And about the “Finn gets sent to the mines” plan that she put into action, Finnikin is furious with her about it when he reunites with her about escaping, and so is Trevanion. So she does suffer some consequences for it, even if Finnikin and Trevanion forgive her eventually.
Agreed about Trevanion and Beatriss. Their story is so heartbreaking and it’s one of my favorite parts of the series. I love how it’s so realistic and shows us that sometimes there’s too much trauma to move forward together and that sometimes all you can do is go your separate way or wait. And that sometimes a happy ending can take years to happen.
I forgot how much I wanted to murder Evanjalin in the beginning of that series.
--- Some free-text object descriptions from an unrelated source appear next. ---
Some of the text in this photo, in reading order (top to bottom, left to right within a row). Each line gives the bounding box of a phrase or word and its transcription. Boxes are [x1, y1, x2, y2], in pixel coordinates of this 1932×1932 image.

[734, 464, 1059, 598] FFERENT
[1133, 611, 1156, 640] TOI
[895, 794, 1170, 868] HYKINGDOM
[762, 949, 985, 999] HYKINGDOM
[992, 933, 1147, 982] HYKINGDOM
“I am gonna get you sent as a condemned slave to the mines with no warning in hopes this will further my restoration plan” is…ummmm.
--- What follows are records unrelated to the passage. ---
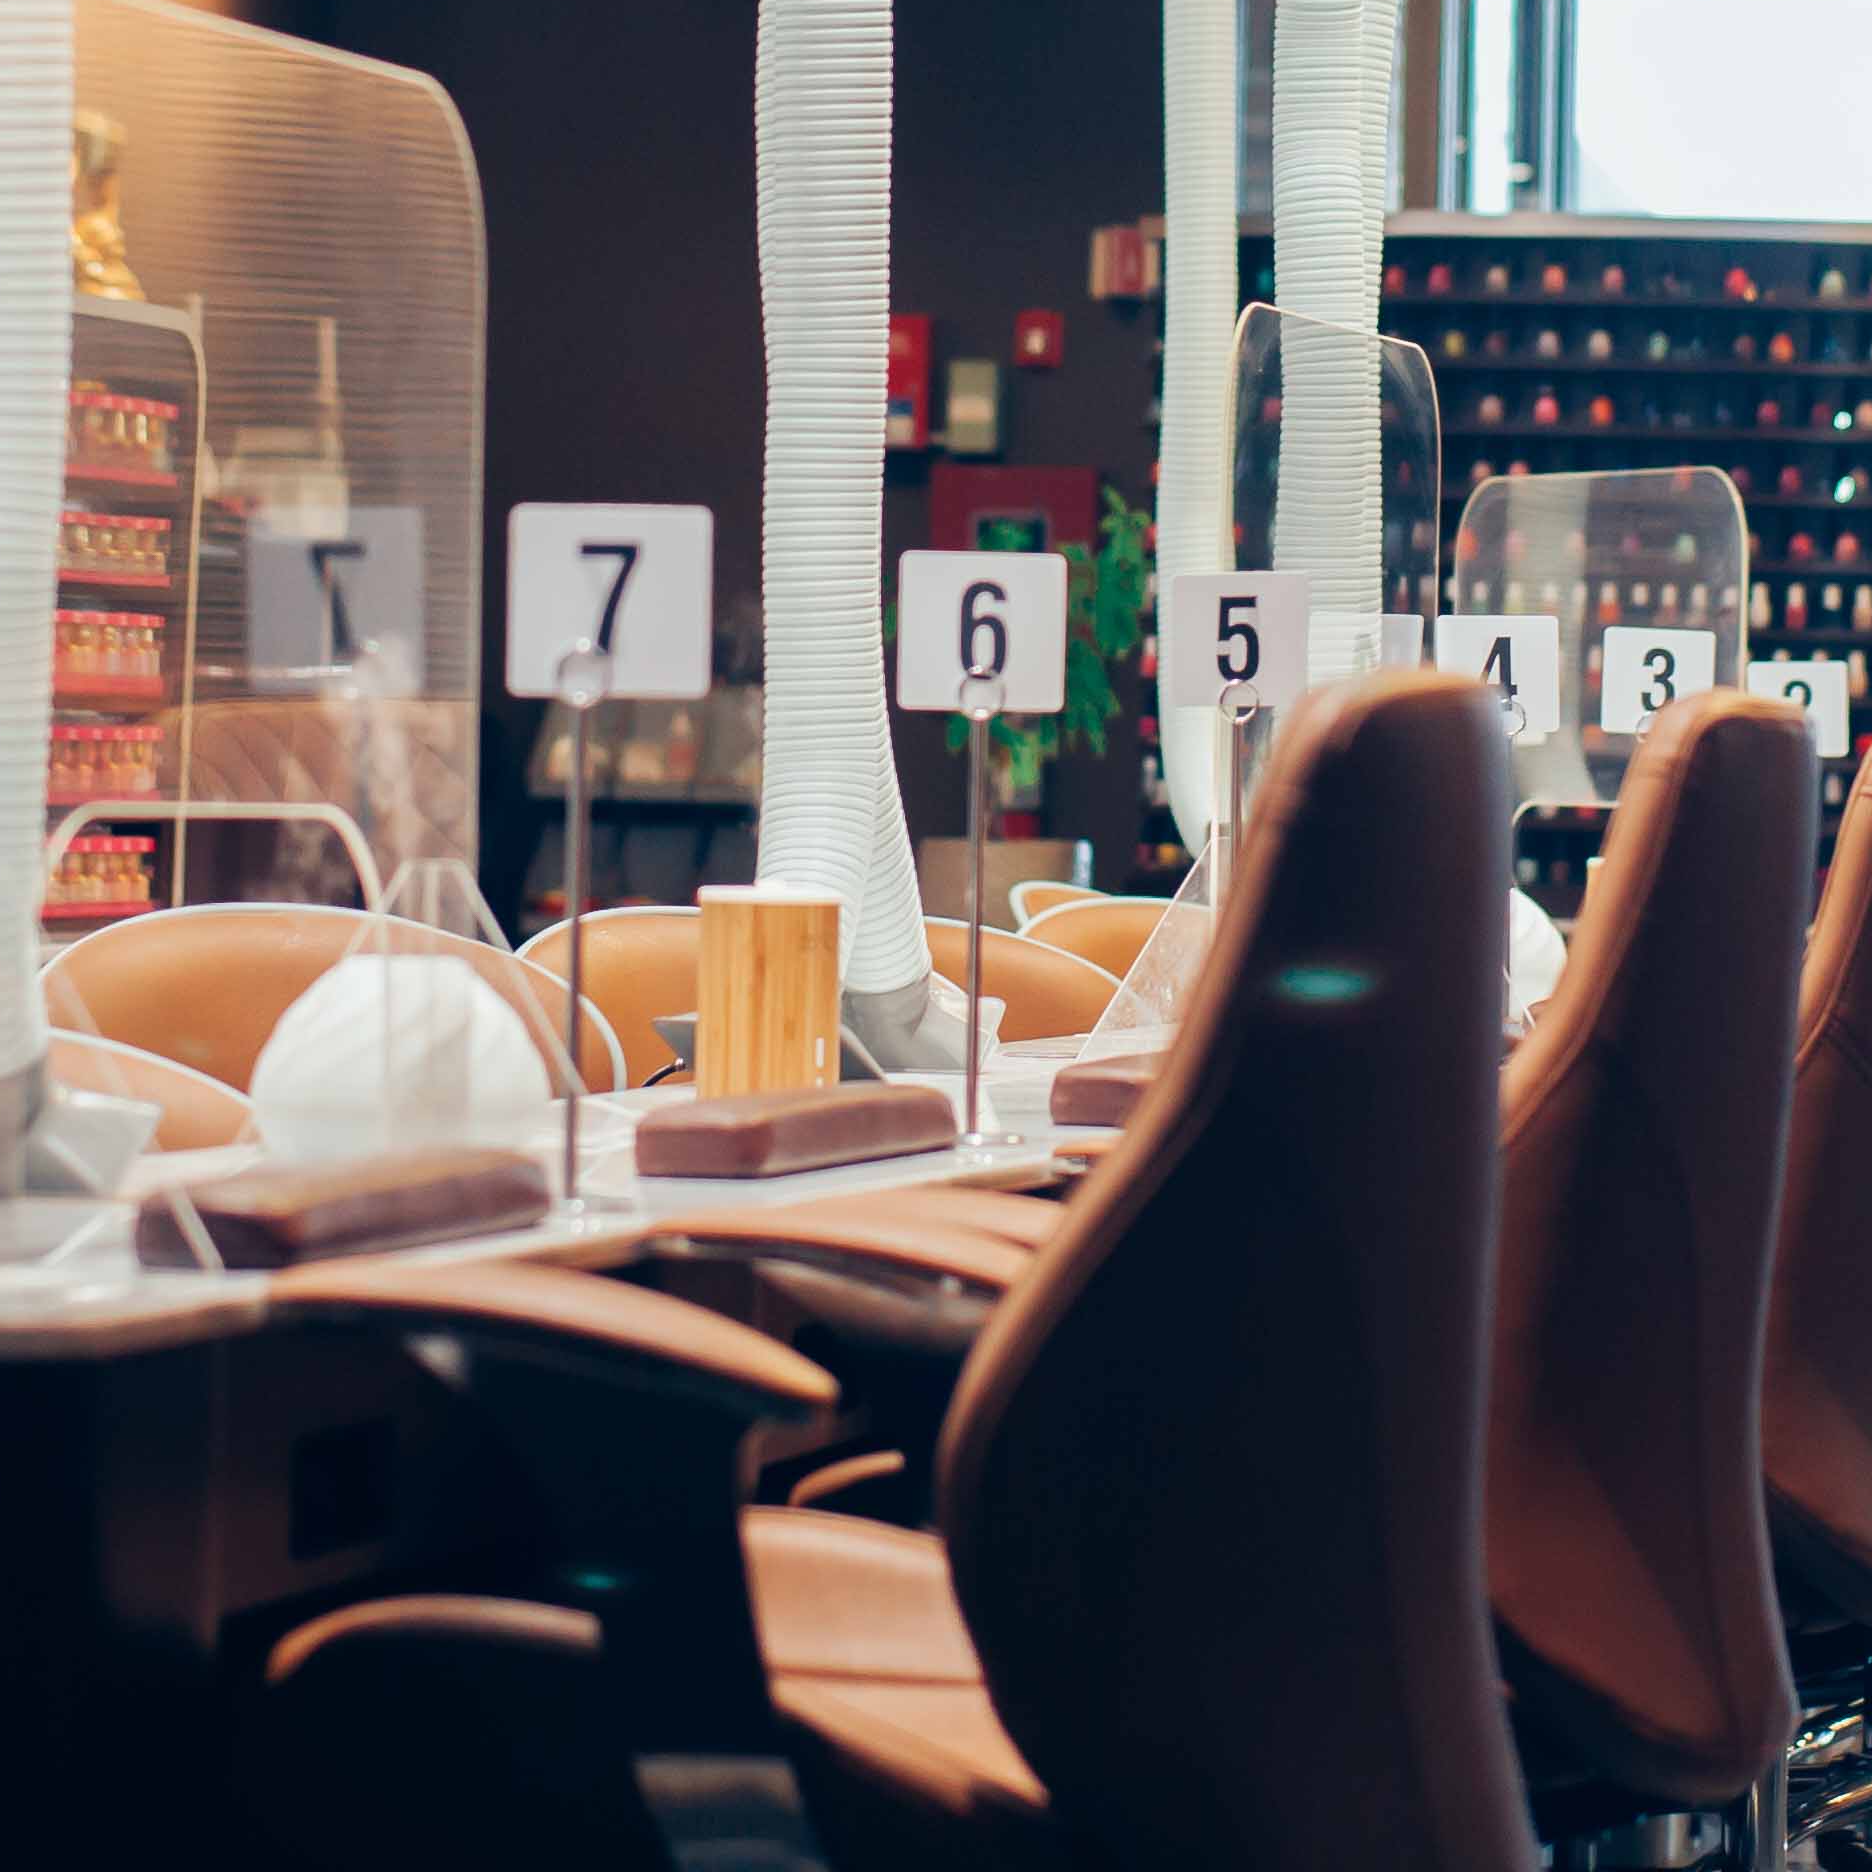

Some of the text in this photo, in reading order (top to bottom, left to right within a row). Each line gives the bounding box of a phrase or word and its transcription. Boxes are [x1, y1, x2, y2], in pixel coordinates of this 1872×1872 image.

[580, 544, 639, 656] 7
[961, 581, 1006, 680] 6
[1217, 596, 1259, 682] 5
[1481, 635, 1518, 711] 4
[1640, 647, 1675, 712] 3
The thing is, on reread I know and get her deep trauma and drive and need for vengeance and justice. But it still does not sit well with me, and never will. I both get why Finnikin gets over it and yet can never fully get over it myself.
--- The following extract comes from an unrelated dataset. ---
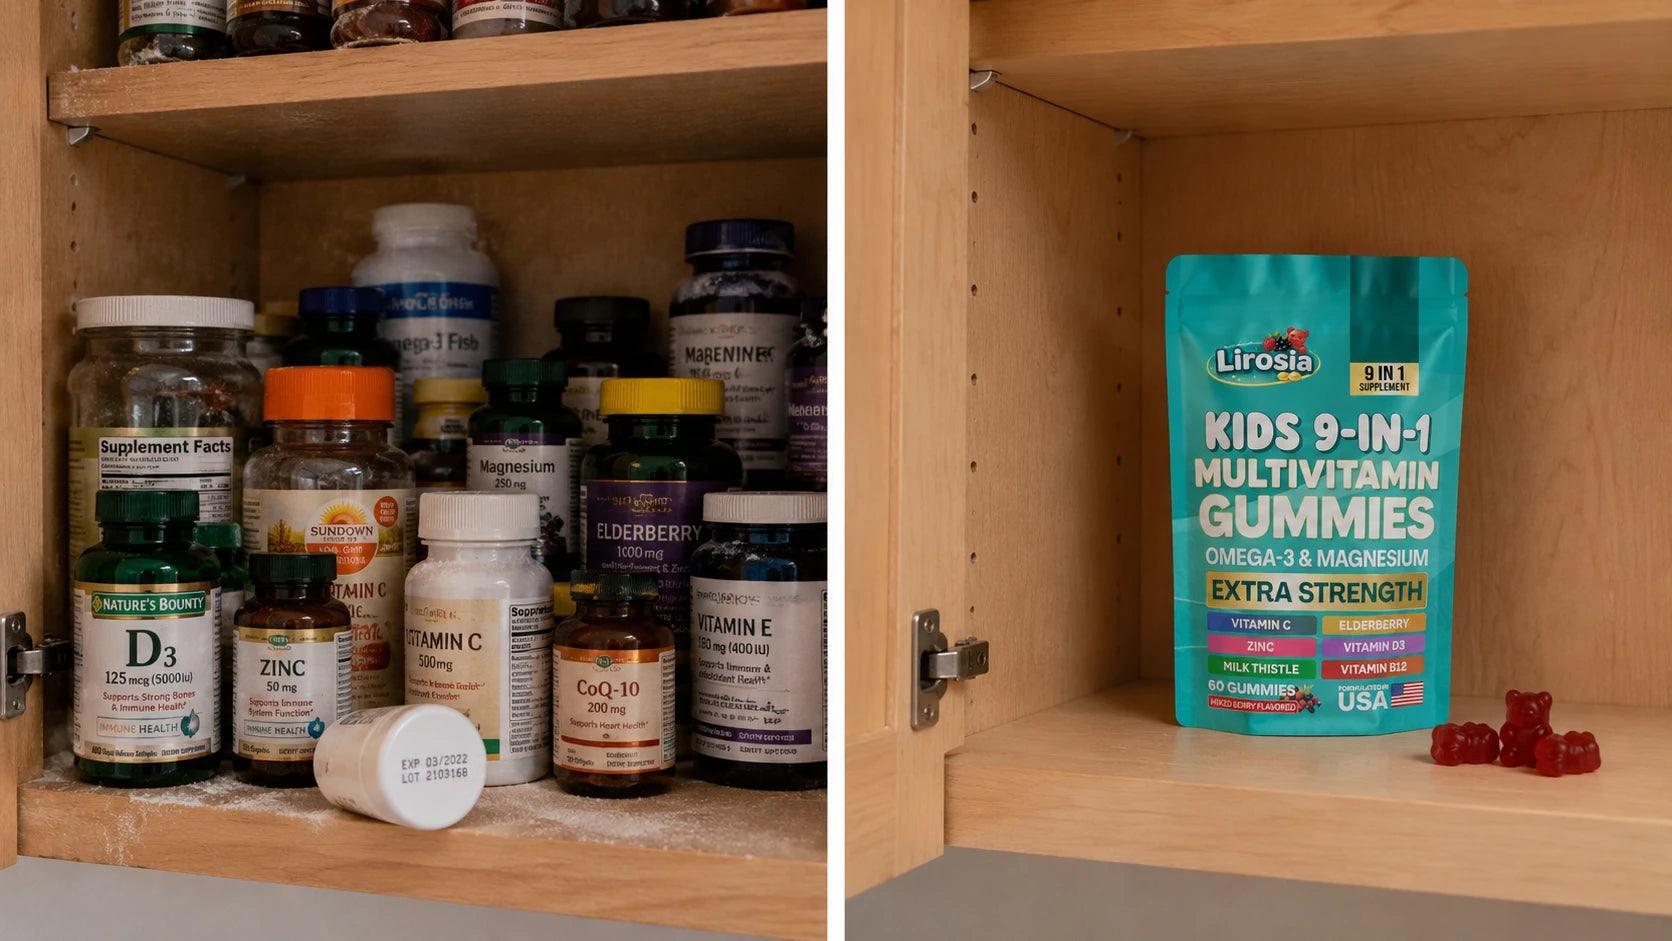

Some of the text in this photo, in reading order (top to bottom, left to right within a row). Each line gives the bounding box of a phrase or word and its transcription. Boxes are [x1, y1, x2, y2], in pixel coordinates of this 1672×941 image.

The thing is, Finnikin x Evanjalin/Isaboe is very much the gender-reversed trope of sunshine girl x deeply fucked up hardened dude. And unlike fucked up x fucked up set up (see Warner x Juliette in Shatter Me, Dred x Jael in Dred Queen or even Froi x Quintana in this very series, not to mention 10x other stories) which is my favorite ship set up ever, the problem with sunshine x fucked up always becomes "well, I see what the fucked up one gets out of it, but how about the sunshine one?" In a lot of stories this gets circumvented by the fact that the mess is actually providing physical protection (the usual this is a dangerous environment/someone wants sunshine one dead/etc set up.) But Marchetta does not make it this easy here - Finnikin can fight just fine and he does not need protection from Isaboe (who cannot offer it anyway.) In fact, all the danger he faces is BECAUSE of Isaboe. The author thrusts it in your face and dares you to understand how trauma and desperation and cause can make people ugly and desperate and do all sorts of awful things. When I first read the trilogy, I ended up liking both Isaboe and Isaboe x Finnikin but it took me a very long time to get there and this is such an interesting thing. She is a person who will always put her cause above any person (even at the very end, if it came to cause v Finnikin, we know what she’d pick) and it’s a rare set up.
PS AAAAAAA Trevanion!!!! Our first glimpse of present day Trevanion.
Trevanion, Daddy of Finnikin and Daddy in every sense of that term.
He is actually probably my favorite character in this series (except Froi.) I find his character (and Lady Beatriss) such a heartbreaking deconstruction of a perfect warrior, perfect knight, perfect commander with a perfect oath and a perfect chivalric love story with a perfect lady. And then it's all destroyed in the most horrifying, brutal, prolonged, thorough way. And he's left alive and then what...
Out of all the happy endings in this series, I honestly find his and Beatriss' the most heartbreakingly hard won. They have some of the worst trauma but also unlike a lot of the other characters, they are not young and also they remember many years of peace and happiness and "before" so it's harder to adjust because of that as well.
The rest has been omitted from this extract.